[Start of Attachment]

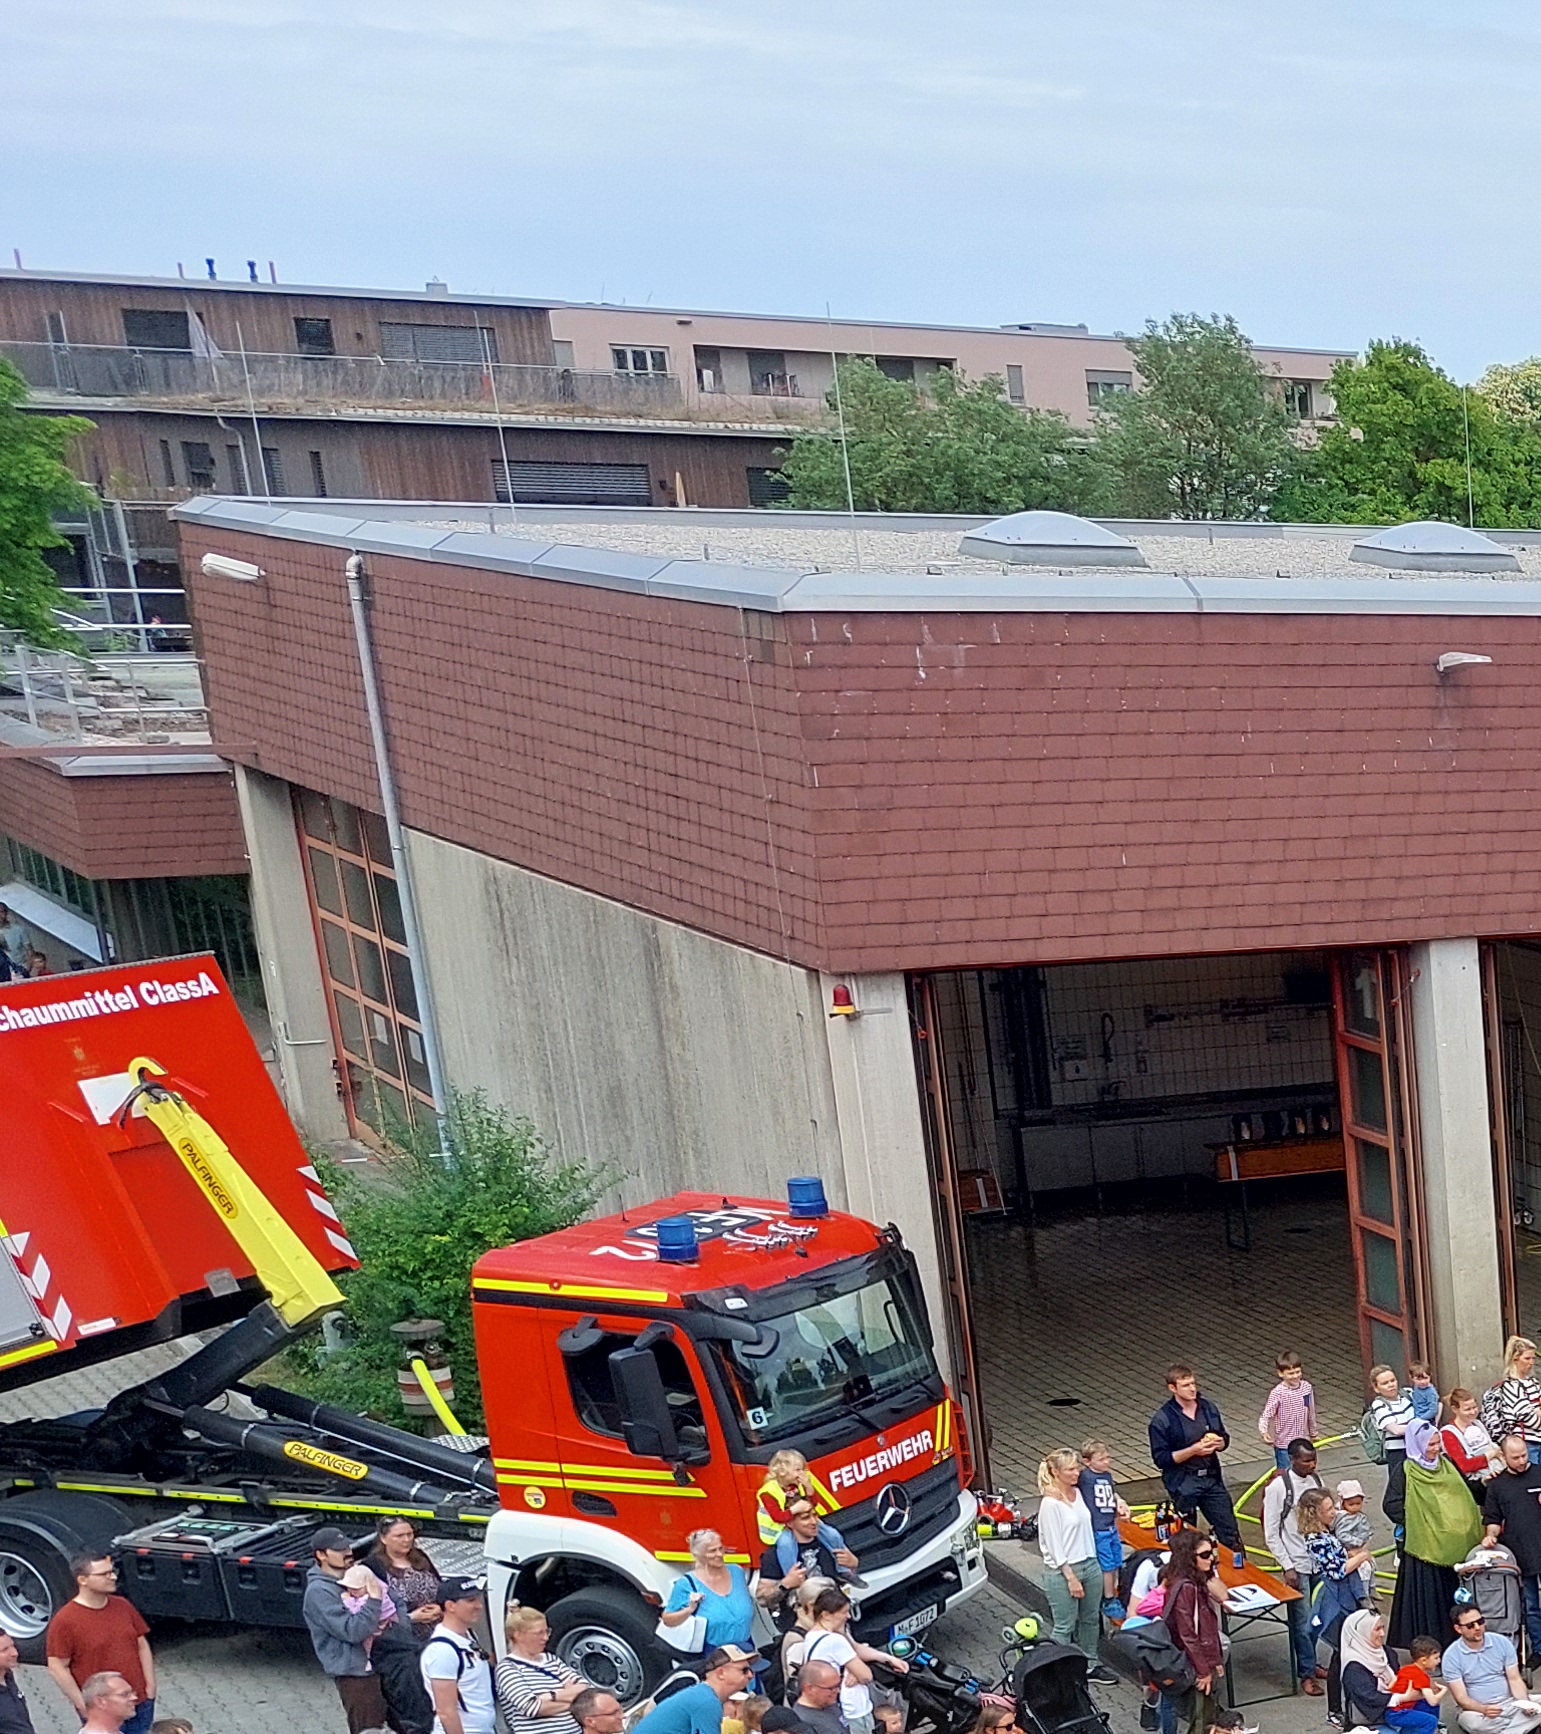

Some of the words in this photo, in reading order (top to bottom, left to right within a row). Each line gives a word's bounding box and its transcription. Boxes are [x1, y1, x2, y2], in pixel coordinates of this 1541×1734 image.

[0, 984, 139, 1032] chaummittel
[139, 971, 220, 1007] ClassA
[181, 1142, 235, 1215] PALFINGER
[751, 1410, 764, 1425] 6
[288, 1443, 363, 1477] PALFINGER
[828, 1429, 934, 1493] FEUERWEHR
[1093, 1484, 1116, 1508] 92

[End of Attachment]

* **WORK REQUEST**: Give back the full listing above word for word, and let no picture through.

* **EXERCISE ANSWER**:
Some of the words in this photo, in reading order (top to bottom, left to right within a row). Each line gives a word's bounding box and its transcription. Boxes are [x1, y1, x2, y2], in pixel coordinates of this 1541×1734 image.

[0, 984, 139, 1032] chaummittel
[139, 971, 220, 1007] ClassA
[181, 1142, 235, 1215] PALFINGER
[751, 1410, 764, 1425] 6
[288, 1443, 363, 1477] PALFINGER
[828, 1429, 934, 1493] FEUERWEHR
[1093, 1484, 1116, 1508] 92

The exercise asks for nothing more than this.